# Work to be completed
Copy out the data exactly, leaving the pictures behind.

# Exercise material
===

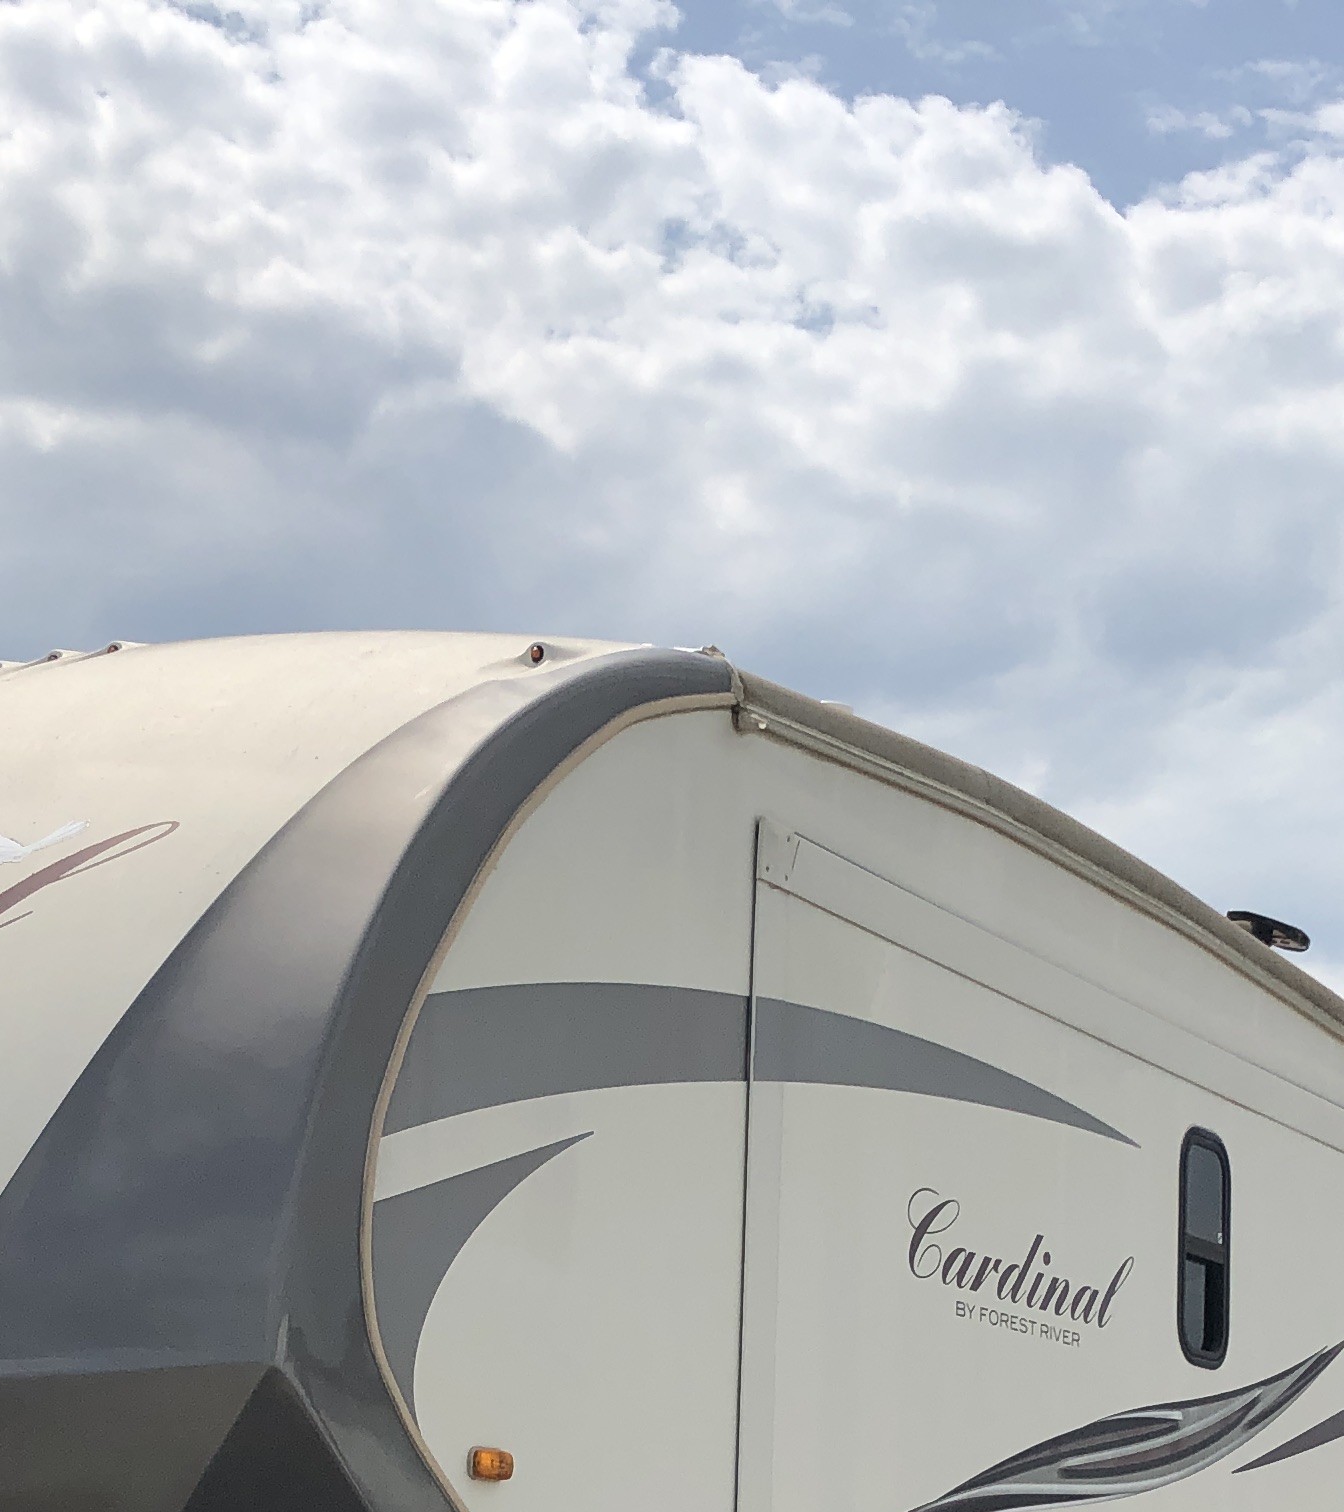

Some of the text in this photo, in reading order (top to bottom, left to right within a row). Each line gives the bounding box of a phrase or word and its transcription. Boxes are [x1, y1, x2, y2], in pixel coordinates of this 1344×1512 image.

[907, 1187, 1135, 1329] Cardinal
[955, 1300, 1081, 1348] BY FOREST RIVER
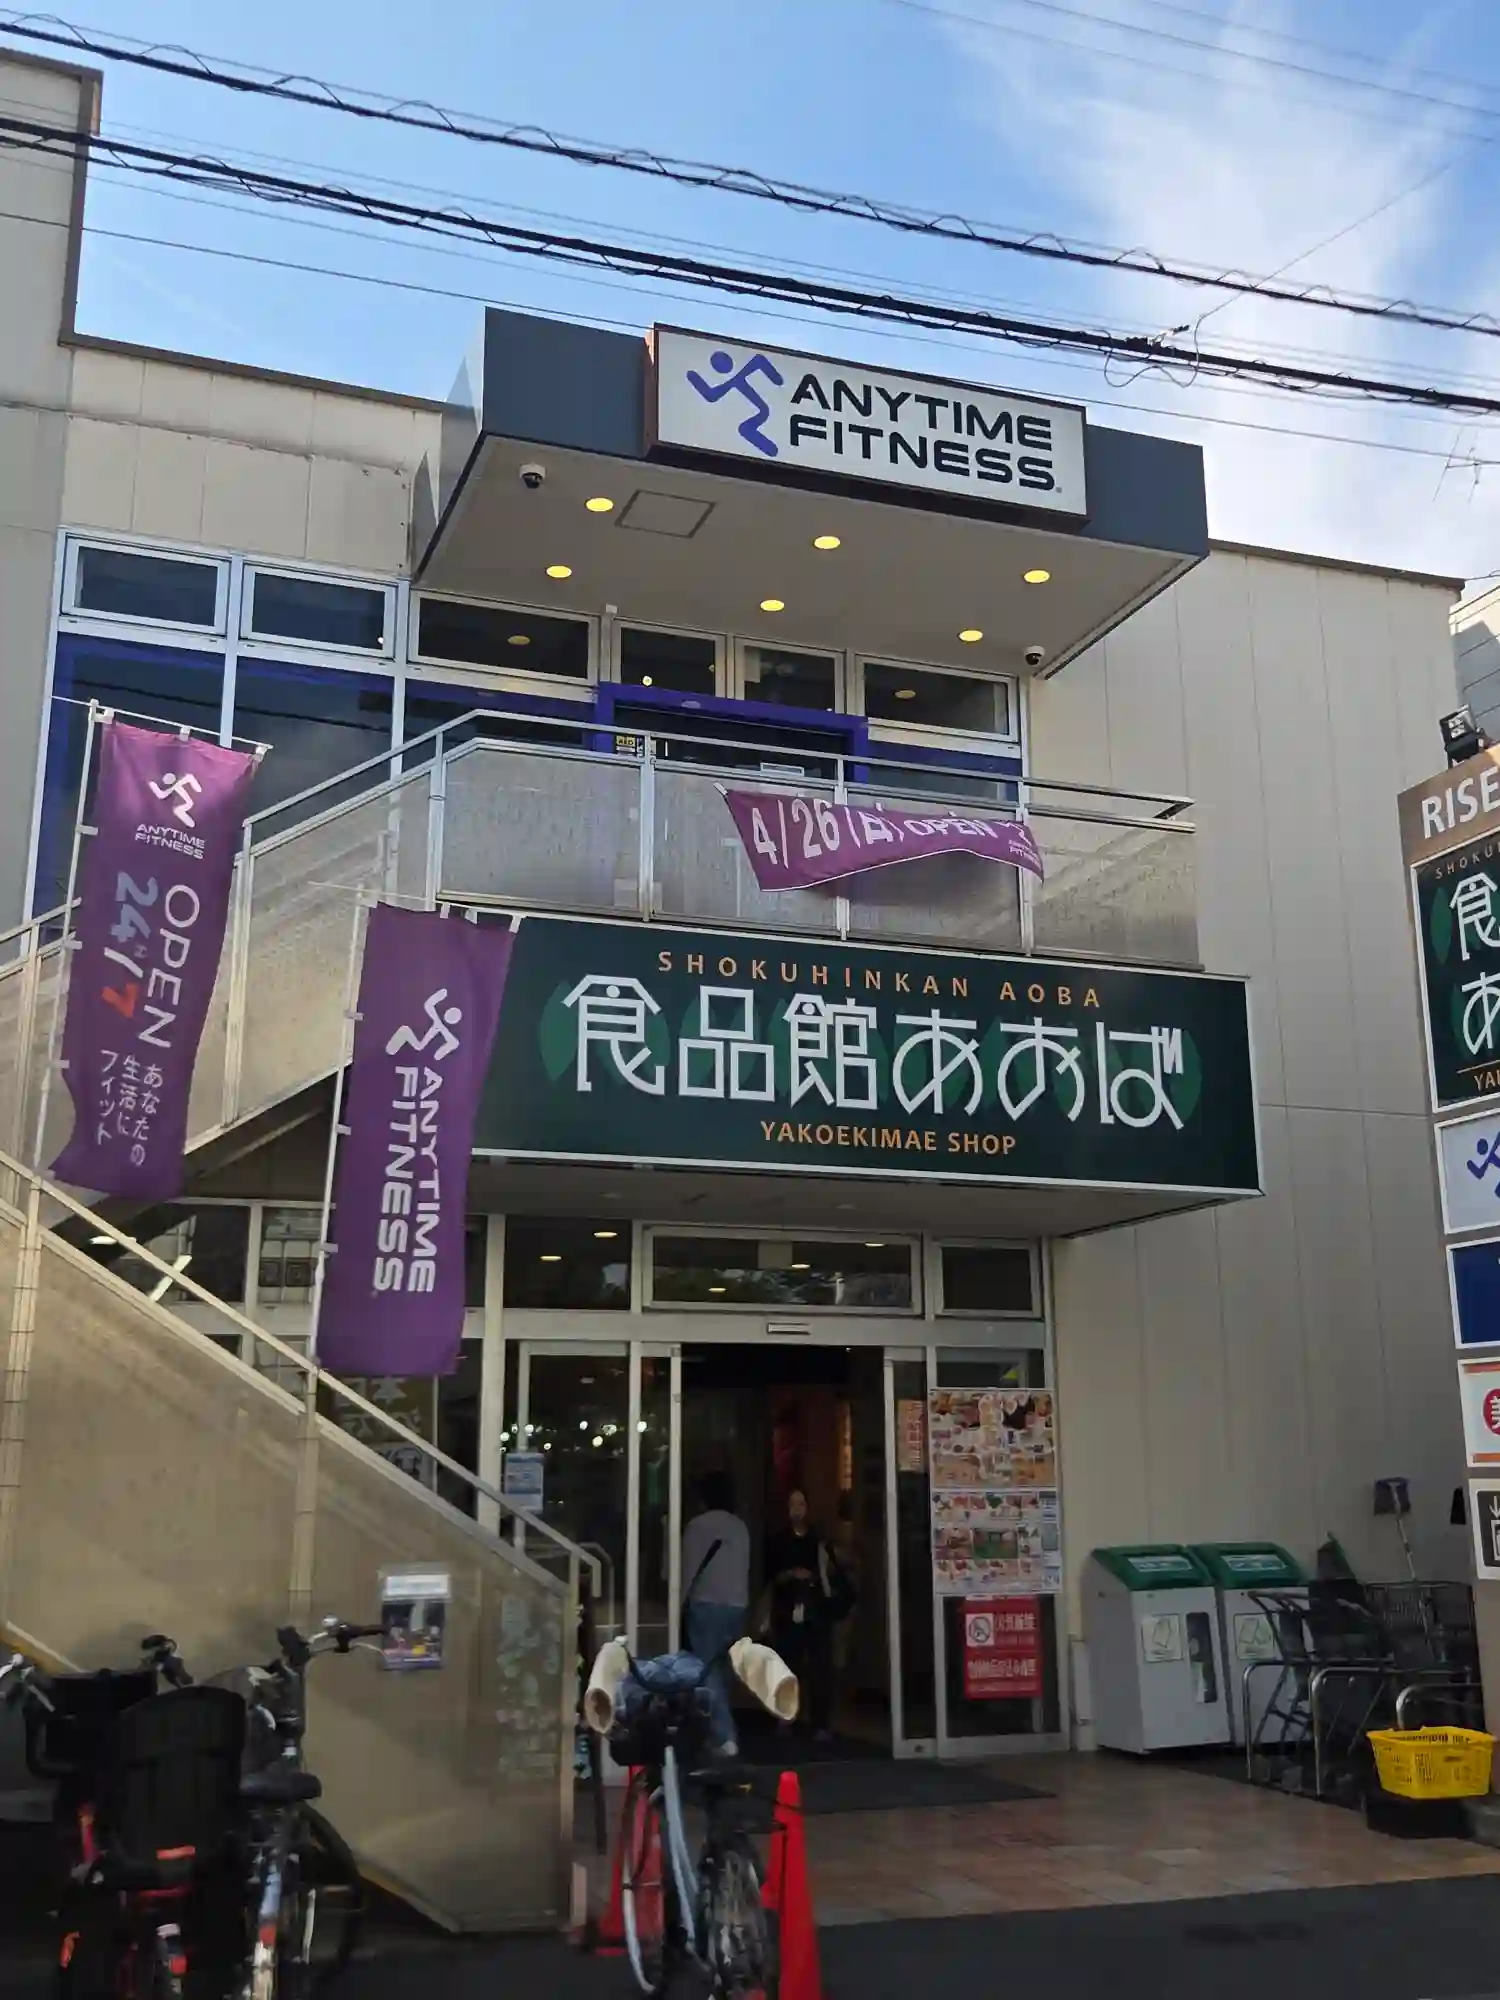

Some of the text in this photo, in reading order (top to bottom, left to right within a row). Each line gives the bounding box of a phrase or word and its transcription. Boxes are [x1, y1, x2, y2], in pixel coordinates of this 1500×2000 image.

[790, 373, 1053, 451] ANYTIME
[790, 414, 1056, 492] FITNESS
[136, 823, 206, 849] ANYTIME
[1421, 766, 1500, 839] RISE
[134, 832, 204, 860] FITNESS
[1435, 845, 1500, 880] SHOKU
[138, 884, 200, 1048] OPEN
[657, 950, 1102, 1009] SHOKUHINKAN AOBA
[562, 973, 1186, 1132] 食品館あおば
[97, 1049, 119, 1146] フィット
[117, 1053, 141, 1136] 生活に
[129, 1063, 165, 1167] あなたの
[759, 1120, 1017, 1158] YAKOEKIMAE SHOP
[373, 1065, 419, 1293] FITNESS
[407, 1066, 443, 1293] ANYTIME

===

# Answer for this exercise
Some of the text in this photo, in reading order (top to bottom, left to right within a row). Each line gives the bounding box of a phrase or word and its transcription. Boxes are [x1, y1, x2, y2], in pixel coordinates of this 1344×1512 image.

[907, 1187, 1135, 1329] Cardinal
[955, 1300, 1081, 1348] BY FOREST RIVER

Some of the text in this photo, in reading order (top to bottom, left to right within a row). Each line gives the bounding box of a phrase or word and its transcription. Boxes are [x1, y1, x2, y2], in pixel coordinates of this 1500×2000 image.

[790, 373, 1053, 451] ANYTIME
[790, 414, 1056, 492] FITNESS
[136, 823, 206, 849] ANYTIME
[1421, 766, 1500, 839] RISE
[134, 832, 204, 860] FITNESS
[1435, 845, 1500, 880] SHOKU
[138, 884, 200, 1048] OPEN
[657, 950, 1102, 1009] SHOKUHINKAN AOBA
[562, 973, 1186, 1132] 食品館あおば
[97, 1049, 119, 1146] フィット
[117, 1053, 141, 1136] 生活に
[129, 1063, 165, 1167] あなたの
[759, 1120, 1017, 1158] YAKOEKIMAE SHOP
[373, 1065, 419, 1293] FITNESS
[407, 1066, 443, 1293] ANYTIME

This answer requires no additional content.